━━━━━ Record set

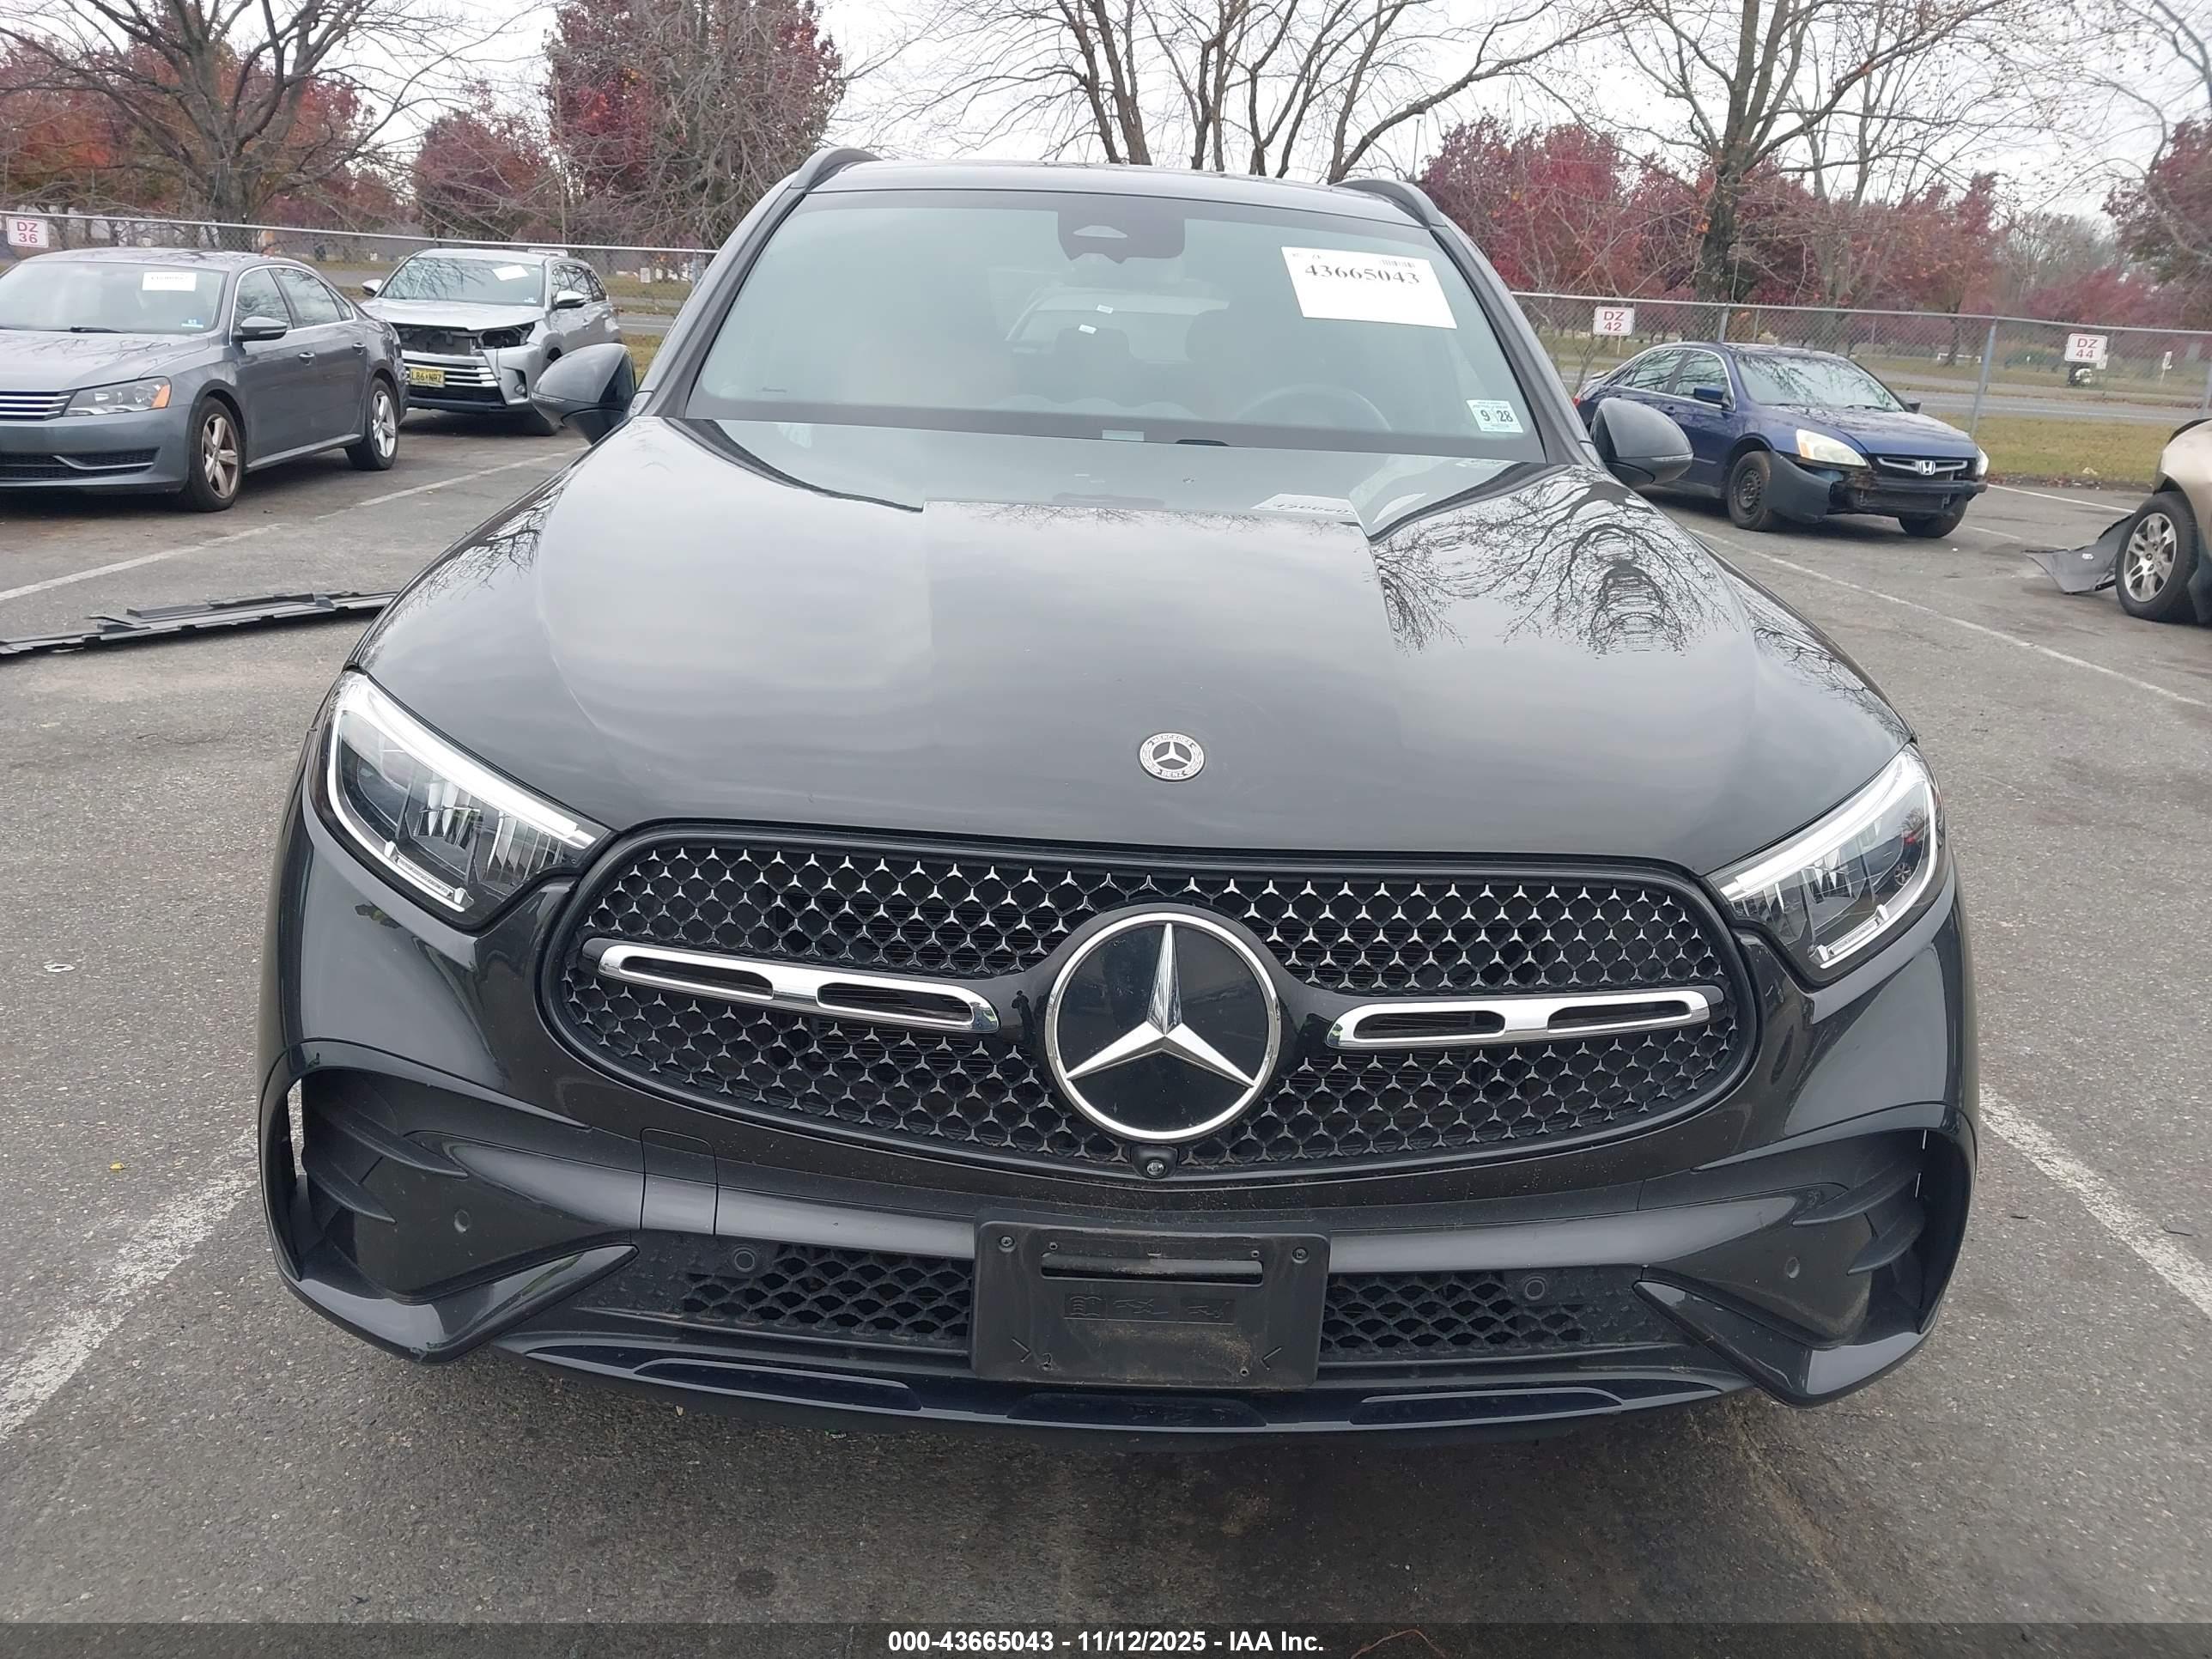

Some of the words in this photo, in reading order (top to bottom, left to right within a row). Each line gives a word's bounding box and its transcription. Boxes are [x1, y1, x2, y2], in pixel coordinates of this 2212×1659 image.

[17, 222, 38, 233] DZ
[19, 233, 38, 243] 36
[1304, 264, 1420, 284] 43665043
[1604, 311, 1625, 321] DZ
[1603, 321, 1622, 331] 42
[2077, 337, 2098, 349] DZ
[2075, 349, 2094, 359] 44
[1480, 410, 1491, 422] 9
[1496, 410, 1514, 422] 28
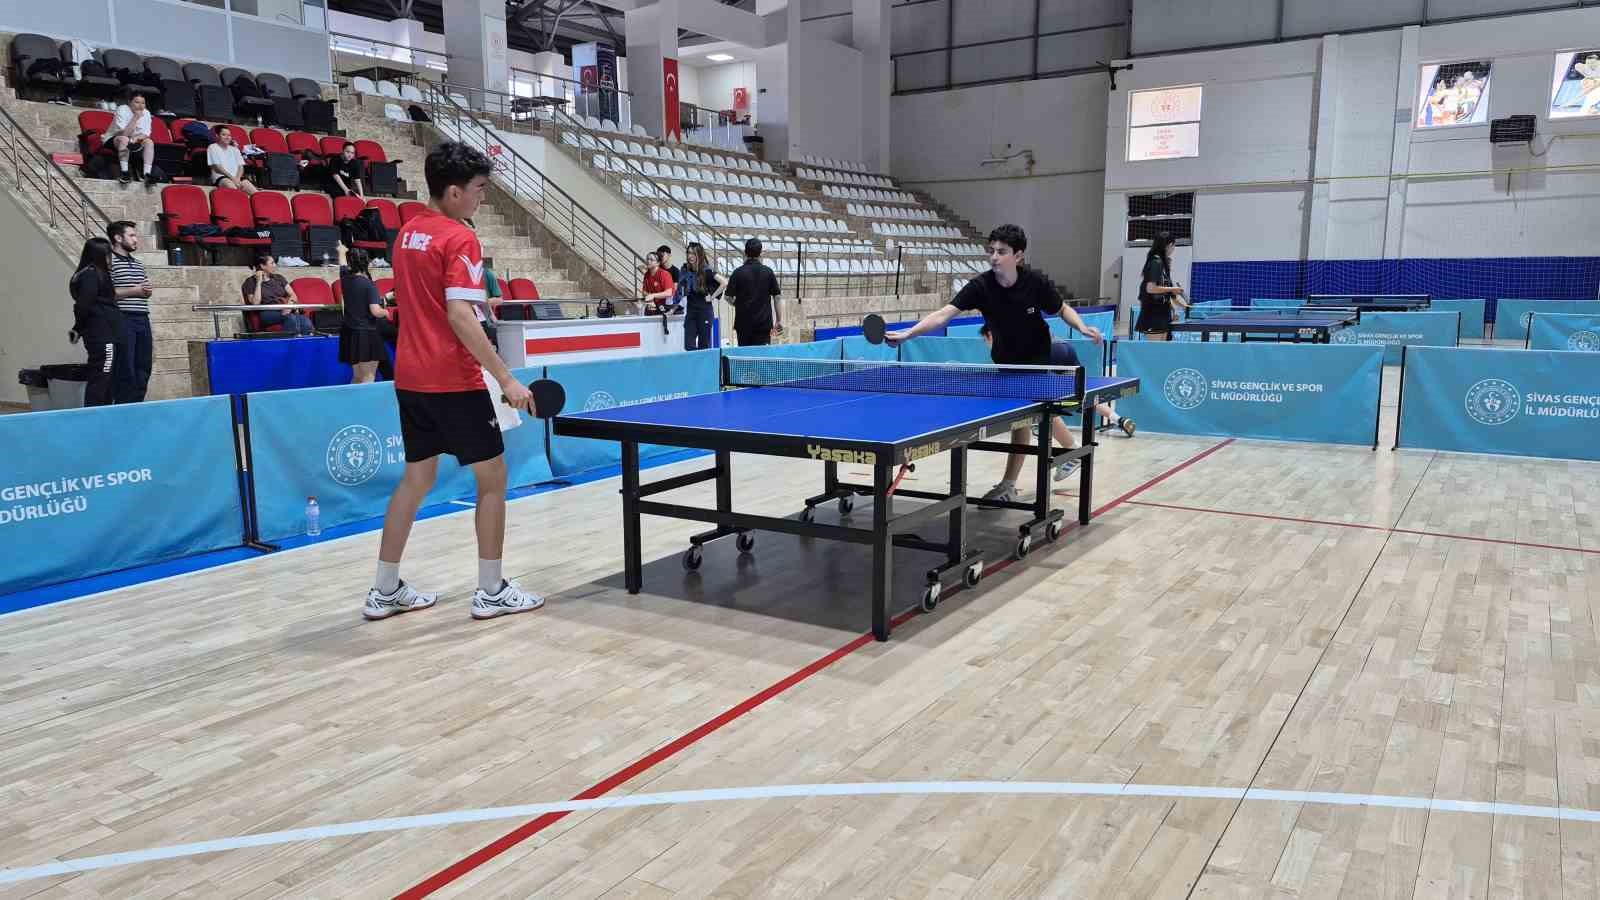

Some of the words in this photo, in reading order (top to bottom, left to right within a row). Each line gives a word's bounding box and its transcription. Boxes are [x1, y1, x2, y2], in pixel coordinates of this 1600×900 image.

[1211, 378, 1237, 389] SİVAS
[1240, 380, 1280, 392] GENÇLİK
[1282, 383, 1295, 392] VE
[1296, 383, 1323, 393] SPOR
[1220, 391, 1283, 402] MÜDÜRLÜĞÜ
[1526, 392, 1560, 403] SİVAS
[1563, 395, 1600, 407] GENÇ
[1525, 405, 1535, 416] İL
[1537, 405, 1599, 418] MÜDÜRLÜ
[386, 433, 403, 448] SİV
[807, 444, 877, 465] Yasaka
[1, 477, 79, 501] GENÇLİK
[81, 475, 105, 489] VE
[107, 468, 152, 487] SPOR
[0, 495, 88, 524] DÜRLÜĞÜ

━━━━━━━━━━

- **Task objective**
Pictures stay out, and every line of the records is transcribed exactly.

- **Output for this exercise**
Some of the words in this photo, in reading order (top to bottom, left to right within a row). Each line gives a word's bounding box and its transcription. Boxes are [x1, y1, x2, y2], in pixel coordinates of this 2212×1659 image.

[17, 222, 38, 233] DZ
[19, 233, 38, 243] 36
[1304, 264, 1420, 284] 43665043
[1604, 311, 1625, 321] DZ
[1603, 321, 1622, 331] 42
[2077, 337, 2098, 349] DZ
[2075, 349, 2094, 359] 44
[1480, 410, 1491, 422] 9
[1496, 410, 1514, 422] 28

Some of the words in this photo, in reading order (top to bottom, left to right within a row). Each line gives a word's bounding box and its transcription. Boxes are [x1, y1, x2, y2], in pixel coordinates of this 1600×900 image.

[1211, 378, 1237, 389] SİVAS
[1240, 380, 1280, 392] GENÇLİK
[1282, 383, 1295, 392] VE
[1296, 383, 1323, 393] SPOR
[1220, 391, 1283, 402] MÜDÜRLÜĞÜ
[1526, 392, 1560, 403] SİVAS
[1563, 395, 1600, 407] GENÇ
[1525, 405, 1535, 416] İL
[1537, 405, 1599, 418] MÜDÜRLÜ
[386, 433, 403, 448] SİV
[807, 444, 877, 465] Yasaka
[1, 477, 79, 501] GENÇLİK
[81, 475, 105, 489] VE
[107, 468, 152, 487] SPOR
[0, 495, 88, 524] DÜRLÜĞÜ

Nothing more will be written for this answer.